In 2015, Concern applied to join the Zurich Flood Resilience Alliance and received funding to start a new project to promote resilience to floods in 12 Afghan communities. As part of this project, Concern piloted a Flood Resilience Measurement Tool (FRMT) developed by the Alliance, and has used the insights generated by the tool to design and implement flood-resilience interventions.  

 

How does the FRMT work?

The FRMT is used to direct the collection and analysis of data at community level on a range of factors thought to be potential ‘sources of flood resilience’. These sources are organized under the five community ‘capitals’. 

Firstly the person setting up the survey, usually the Programme Manager,  selects the groups or individuals who will provide details around the sources of resilience.  The system then automatically generates a list of questions, which are synced to the field workers for data collection.

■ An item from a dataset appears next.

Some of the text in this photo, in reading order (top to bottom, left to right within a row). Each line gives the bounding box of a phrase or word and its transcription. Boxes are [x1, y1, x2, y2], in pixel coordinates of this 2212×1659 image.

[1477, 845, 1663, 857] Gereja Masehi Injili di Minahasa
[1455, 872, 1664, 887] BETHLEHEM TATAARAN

Once collected by the field-workers, the data is synced back to the software for ‘grading’ by the programme team. This process involves grading each of the community’s potential sources of resilience based on responses to the questions. The software then allows the team to present the results and display graphs to show where capacity is stronger (grade A or B) or requires strengthening (grade C or D). Once grading is completed, the software organises the data in a digestible format, which can be viewed through various lenses.  

How often is data collected in individual communities? 

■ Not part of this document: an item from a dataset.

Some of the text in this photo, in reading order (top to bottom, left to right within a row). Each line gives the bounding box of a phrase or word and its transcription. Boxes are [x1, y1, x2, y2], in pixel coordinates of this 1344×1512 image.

Data has to be collected from the community at least once in order to understand where it stands in relation to the potential sources of resilience, This data collection point is referred to as a ‘baseline’ and informs the design of flood resilience projects 

In addition, a shorter survey can be undertaken after any significant flood event to assess how the community coped. The data collected through these ‘post-event surveys’ is different from that collected through the baseline.    

Using the FRMT in Afghanistan  

Concern Afghanistan selected the communities for application of the FRMT based on (i) the level of need for building flood resilience, and (ii) the existence of certain conditions at a local level to enable a successful flood resilience intervention.  

Before commencing our ‘baseline’ in the 12 selected communities, staff were trained using the FMRT training material. This helped staff become more familiar with resilience as a concept and what may contribute towards building resilience in communities.  

Baseline survey results and programme design

The images below show the results of the grading process for one particular community, Dahasti Chanar in Rustaq district.

Overall grading result by capital

Grading analysis by capital

 

Breakdown of the grading of each source of resilience within 'human capital' 

In this example the survey found that financial, social, and physical capitals were the lowest. Financial capital, which was particularly low, includes things such as household income and savings, household access to credit, and flood insurance.

The results were discussed with the community in a sensitive and structured manner. This approach was important in order to avoid the risk of communities feeling they were personally being ranked or scored in some way. These discussions set the context for the Concern team to lead each community in a Participatory Cost Benefit Analysis (PCBA) to determine priority interventions.  

Based on the results of this analysis, activities were undertaken to support the 12 communities to establish Disaster Risk Management Committees and flood management plans, including social and hazard mapping, and seasonal calendars. These committees include women and members of more marginalised groups. 

Post-flood surveys were conducted in two communities which revealed how the communities coped in the event, including the impact of the flood and behaviour/response of the community. This revealed a number of significant findings, such as the number of fatalities and injuries, how the flood affected access to schools and clinics, and its impact on assets, food, and drinking water. 

Emerging lessons

  • The FRMT provides an effective means of organising and ‘scoring’ factors potentially linked to flood resilience, and providing solid data for a contextual analysis process such as that undertaken by Concern Afghanistan in a new project area. 
  • Training in and use of the FRMT has helped deepen the staff’s understanding of the concept of resilience.
  • The scoring process currently does not involve the community. While involving the community would likely raise practical challenges and increase the amount of time required for the grading process, it could increase the validity and credibility of the tool.
  • To date, the research has not been focused on measuring the impact of interventions. For this, we feel we need a more practical set of Monitoring and Evaluation tools linked to interventions. 
  • The tool and software may have potential for use in scoring resilience to other shocks, such as earthquakes or droughts. 

Concluding thoughts 

The FMRT and the Alliance has significant potential to better understand what inherent resources and characteristics within a community make them more resilient in the face of floods. Some lessons have already emerged from analysis of the baseline findings, and Concern Afghanistan has gained a deeper understanding of its new programme area.